Слушание дела «Больница Святой Елизаветы против Адамсов» состоится в суде по семейным делам в здании Королевского суда, просторном готическом особняке с башенками и множеством окон, похожих на глаза, пристально следящие за тем, как я выхожу из такси, заказанного моим адвокатом.
В суде по семейным делам нет галереи для публики, и собравшиеся стоят за металлическими барьерами на противоположной стороне улицы, где за порядком следят полицейские во флуоресцентных куртках. В толпе мелькают майки с портретом Дилана и баннеры, взывающие к суду: «Подарите нашему мальчику жизнь!»
«Нашему мальчику»? С каких это пор Дилан стал
Глядя на эту публику, мне хочется забрать Дилана домой и запереть все двери. Убрать из фейсбука все его фото, чтобы эти люди не копировали их, не редактировали фотошопом и не использовали в своем профиле. Это шоу солидарности лишь бередит кровоточащую рану.
Когда я поднимаюсь по лестнице в сопровождении Роберта Шейна и двух его помощников, кто-то из толпы выкрикивает:
– Убийца!
– Не оборачивайтесь, – шепчет мне Робин. – Идите как ни в чем не бывало.
Мы идем в зал суда, громко цокая по плиточному полу. Раздается «Встать, суд идет!», и все разговоры тут же прекращаются.
Судья – достопочтенный Джастис Меррит – облачен в черную мантию, отделанную бархатом, которую оживляют лишь две короткие красные ленточки на шее. Парика на нем нет, его седые волосы аккуратно подстрижены. Он похож на доброго дедушку, который качает внука на колене и со скрипом становится на четвереньки, чтобы тот мог поиграть в лошадки.

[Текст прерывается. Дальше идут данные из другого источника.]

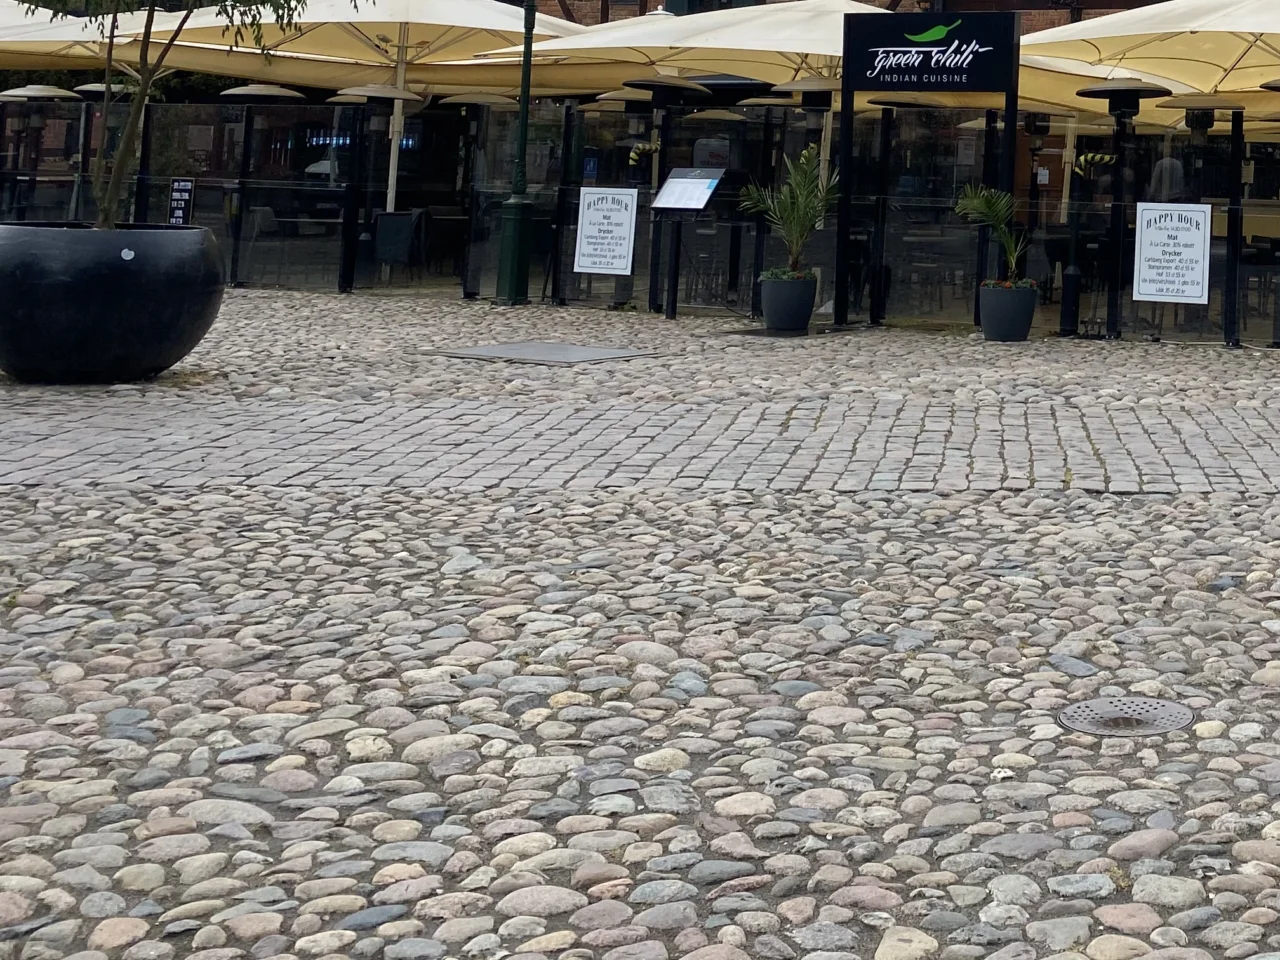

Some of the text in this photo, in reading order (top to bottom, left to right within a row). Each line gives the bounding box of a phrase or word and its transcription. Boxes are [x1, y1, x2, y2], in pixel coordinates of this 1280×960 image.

[880, 74, 968, 83] INDIAN CUISINE
[586, 196, 629, 212] HAPPY HOUR
[1146, 212, 1201, 231] HAPPY HOUR
[1167, 233, 1178, 241] Mat
[1161, 249, 1183, 257] Drycker

Перед судьей, чуть ниже, находится скамья, занятая клерками, – согласно плану, который набросал для меня Робин, сидя со мной на заднем сиденье такси, – а за ними находятся скамьи для участников суда. Мы сидим слева, за адвокатами больницы и рядом с куратором и адвокатом Дилана. Многочисленная команда Макса расположилась справа.

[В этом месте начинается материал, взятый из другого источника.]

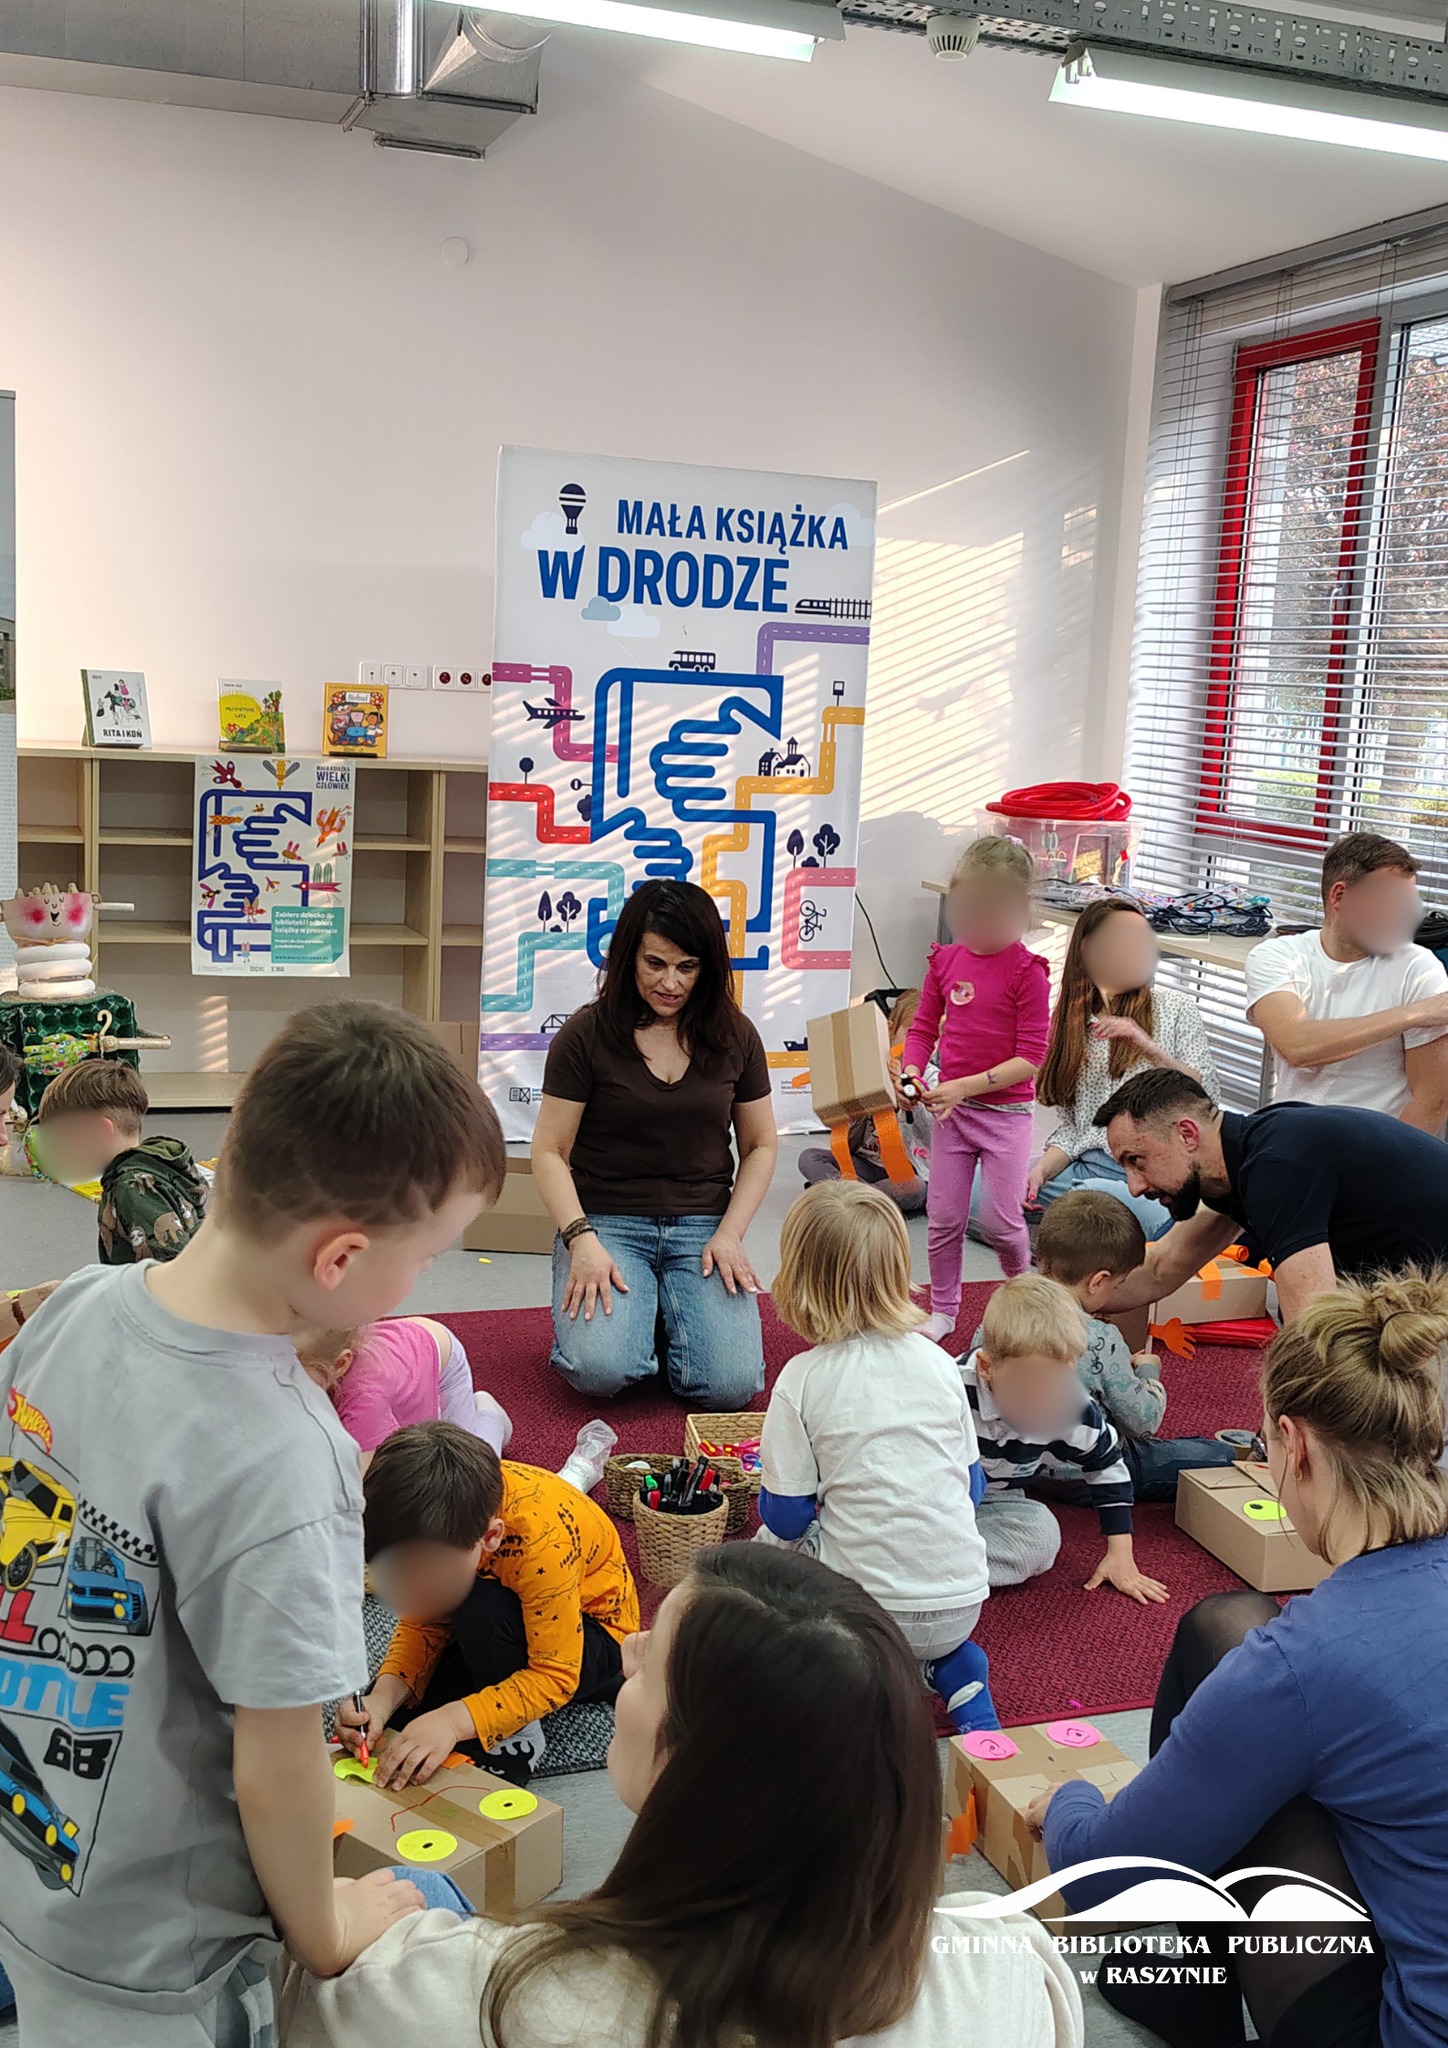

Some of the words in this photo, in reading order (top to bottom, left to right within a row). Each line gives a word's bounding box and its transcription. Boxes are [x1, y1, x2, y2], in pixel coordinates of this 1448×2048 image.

[617, 499, 707, 540] MAŁA
[715, 504, 848, 555] KSIĄŻKA
[537, 545, 586, 600] W
[597, 546, 789, 613] DRODZE
[103, 729, 120, 738] RITA
[126, 728, 142, 739] KOŃ
[316, 771, 350, 782] WIELKI
[316, 782, 350, 790] CZŁOWIEK
[43, 1727, 113, 1780] 68

– Кто все эти люди? – шепотом спрашиваю я у Робина.
– Антураж для придания веса его адвокату. Они обрядили студентов-медиков в костюмы, включив этот карнавал в счет вашего мужа.
Я видела страничку в фейсбуке, где Макс собирал деньги – там уже набежало шестизначное число. И счета от конторы Робина Шейна, которые приходили моему отцу. Там тоже были внушительные суммы. По негласному соглашению мы с Максом пока не трогали наши сбережения «на черный день». Интересно, надолго ли нас хватит?
– Милорд, – обращается к судье адвокат больницы. – Рассматриваемое дело касается Дилана Адамса, который в настоящее время находится в палате интенсивной терапии детской больницы Святой Елизаветы в Бирмингеме. Суду предстоит нелегкая задача установить, является ли продолжение поддерживающей терапии оптимальным вариантом для Дилана. Свидетельствую перед судом, что прекращение указанной терапии неизбежно приведет к смерти ребенка, но именно это прискорбное обстоятельство является предметом настоящего судебного разбирательства – мои клиенты просят суд дать разрешение на прекращение страданий Дилана.
Я стараюсь не расплакаться. Меня предупредили, что слушания могут продлиться несколько дней и, если мне будет тяжело, в любой момент я могу покинуть зал суда.
Это действительно тяжело. Гораздо хуже, чем я думала.